Description of the task: Transcribe each entry exactly, without pictures.

Stored data:
————————

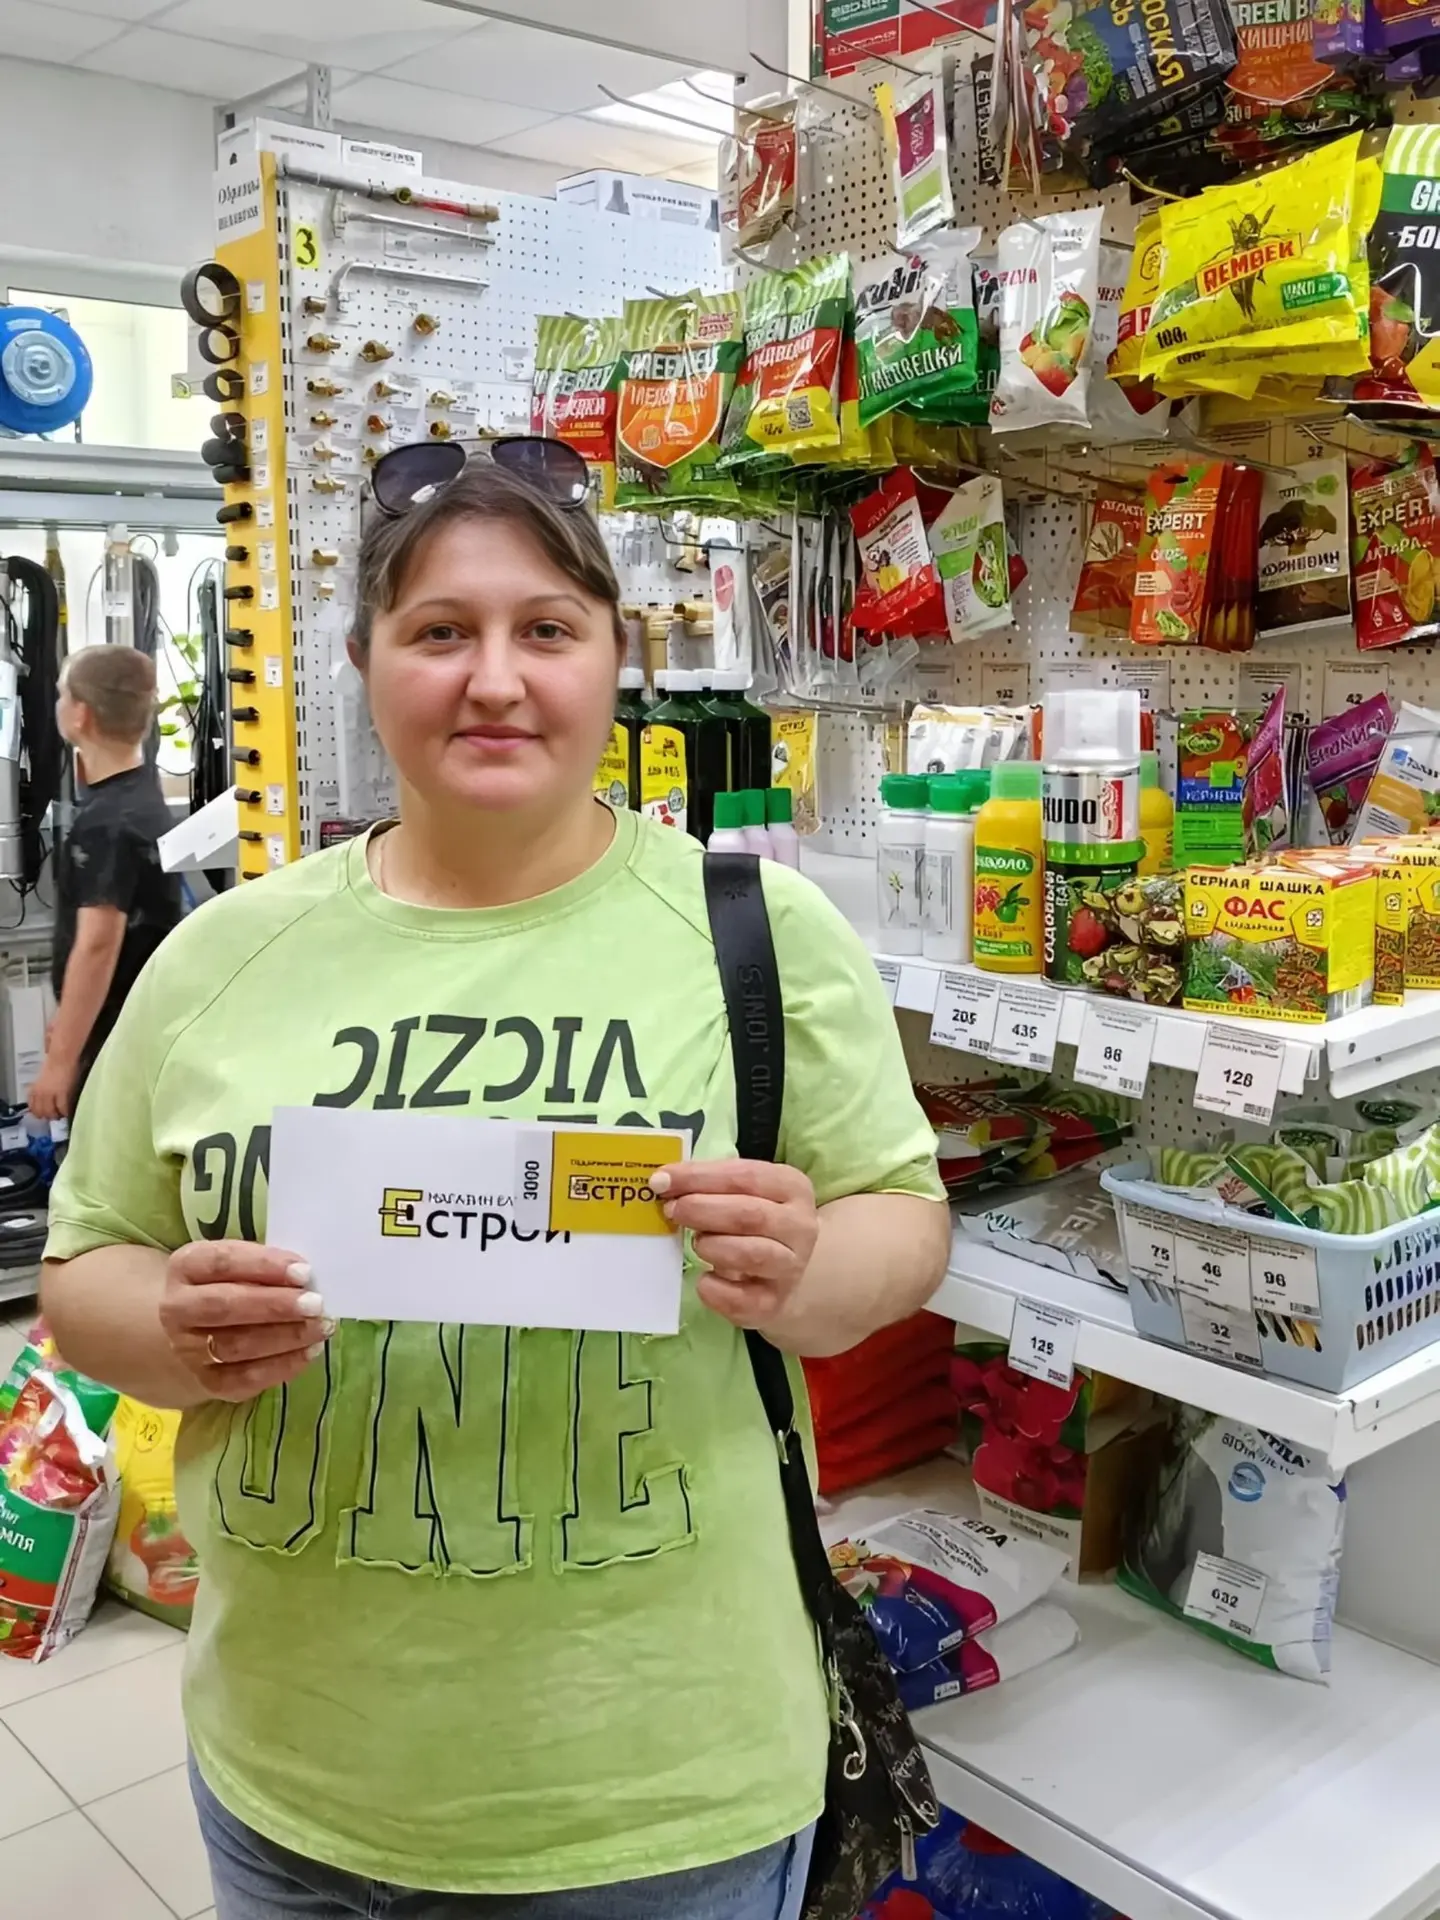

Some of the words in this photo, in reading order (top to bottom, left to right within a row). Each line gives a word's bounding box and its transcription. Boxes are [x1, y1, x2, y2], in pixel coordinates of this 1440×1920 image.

[296, 228, 316, 265] 3
[1146, 511, 1208, 533] EXPERT
[1391, 854, 1437, 867] АШК
[1190, 874, 1251, 891] СЕРНАЯ
[1259, 879, 1326, 897] ШАШКА
[1224, 896, 1286, 921] ФАС
[523, 1160, 540, 1200] 3000
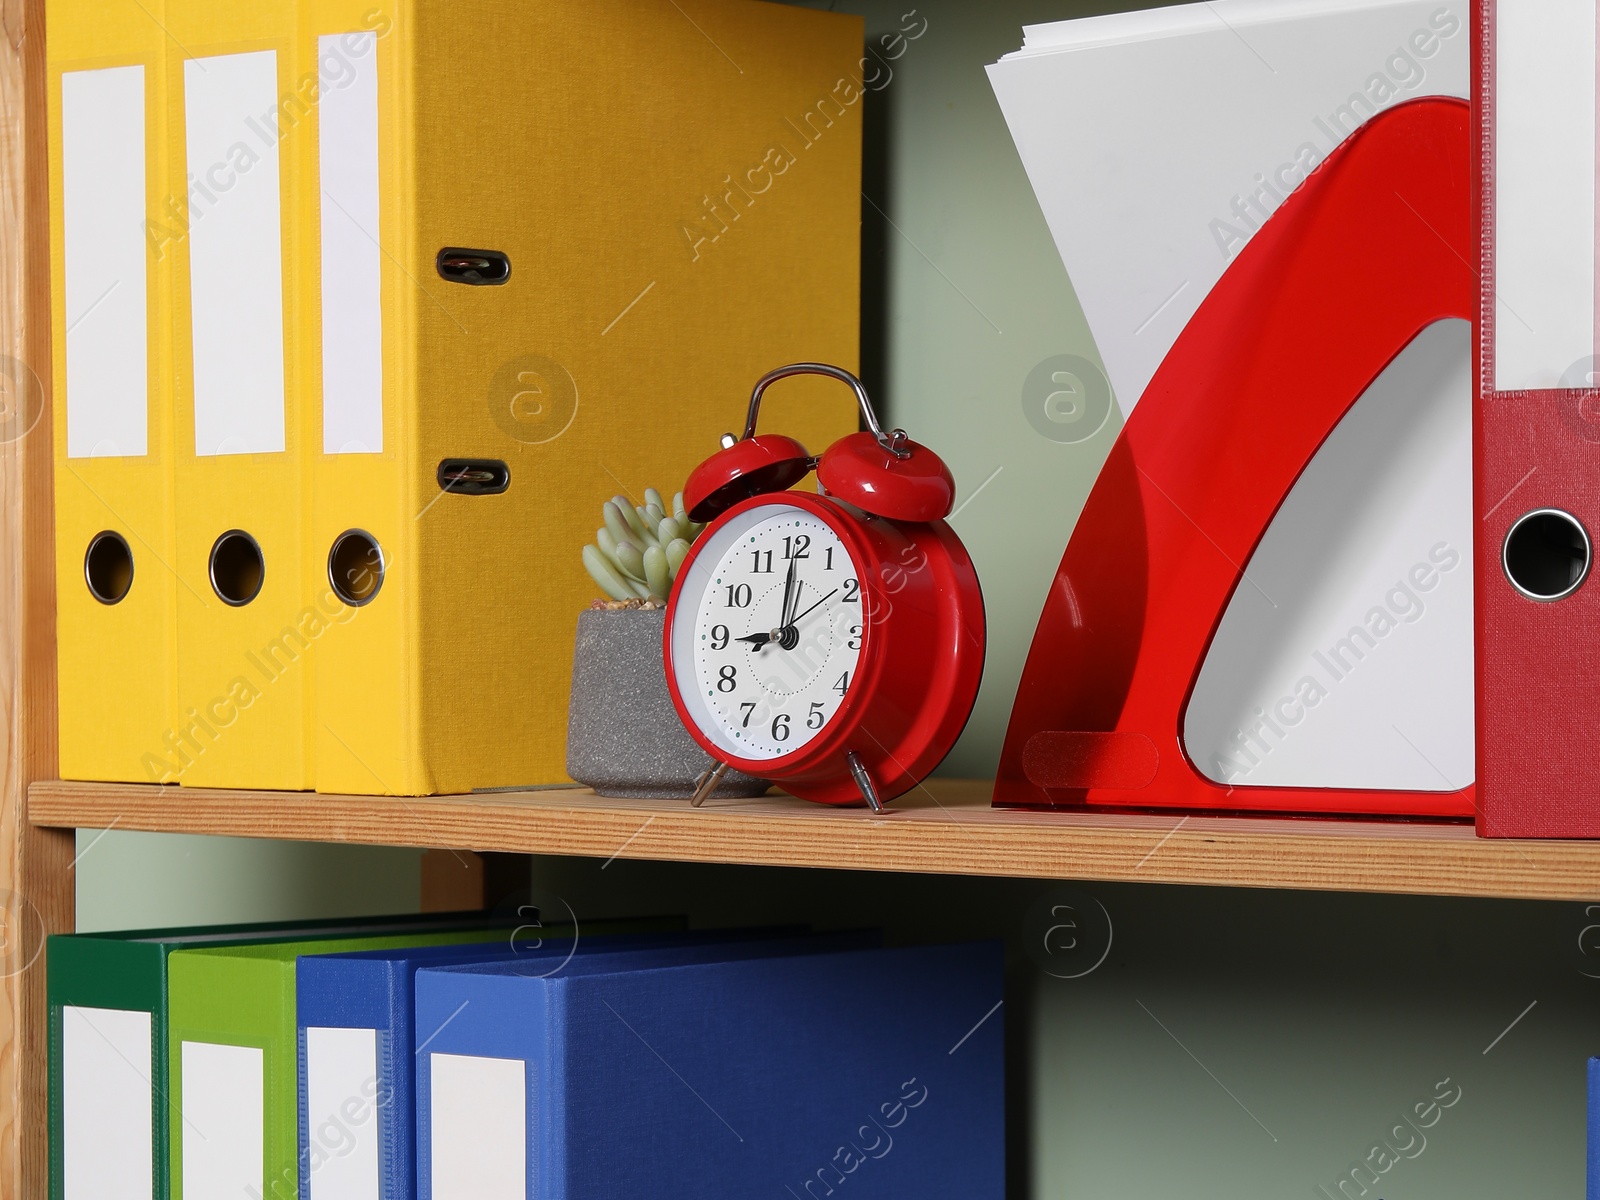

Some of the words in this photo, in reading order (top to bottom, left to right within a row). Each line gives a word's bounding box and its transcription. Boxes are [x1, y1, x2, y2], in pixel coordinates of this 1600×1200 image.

[781, 535, 810, 559] 12
[824, 547, 834, 570] 1
[750, 550, 775, 573] 11
[724, 583, 752, 608] 10
[842, 578, 859, 603] 2
[711, 624, 730, 650] 9
[849, 625, 862, 649] 3
[717, 665, 737, 692] 8
[833, 671, 848, 696] 4
[740, 702, 756, 727] 7
[807, 702, 824, 729] 5
[771, 714, 790, 741] 6

————————

Written response:
Some of the words in this photo, in reading order (top to bottom, left to right within a row). Each line gives a word's bounding box and its transcription. Boxes are [x1, y1, x2, y2], in pixel coordinates of this 1440×1920 image.

[296, 228, 316, 265] 3
[1146, 511, 1208, 533] EXPERT
[1391, 854, 1437, 867] АШК
[1190, 874, 1251, 891] СЕРНАЯ
[1259, 879, 1326, 897] ШАШКА
[1224, 896, 1286, 921] ФАС
[523, 1160, 540, 1200] 3000

Some of the words in this photo, in reading order (top to bottom, left to right within a row). Each line gives a word's bounding box and its transcription. Boxes are [x1, y1, x2, y2], in pixel coordinates of this 1600×1200 image.

[781, 535, 810, 559] 12
[824, 547, 834, 570] 1
[750, 550, 775, 573] 11
[724, 583, 752, 608] 10
[842, 578, 859, 603] 2
[711, 624, 730, 650] 9
[849, 625, 862, 649] 3
[717, 665, 737, 692] 8
[833, 671, 848, 696] 4
[740, 702, 756, 727] 7
[807, 702, 824, 729] 5
[771, 714, 790, 741] 6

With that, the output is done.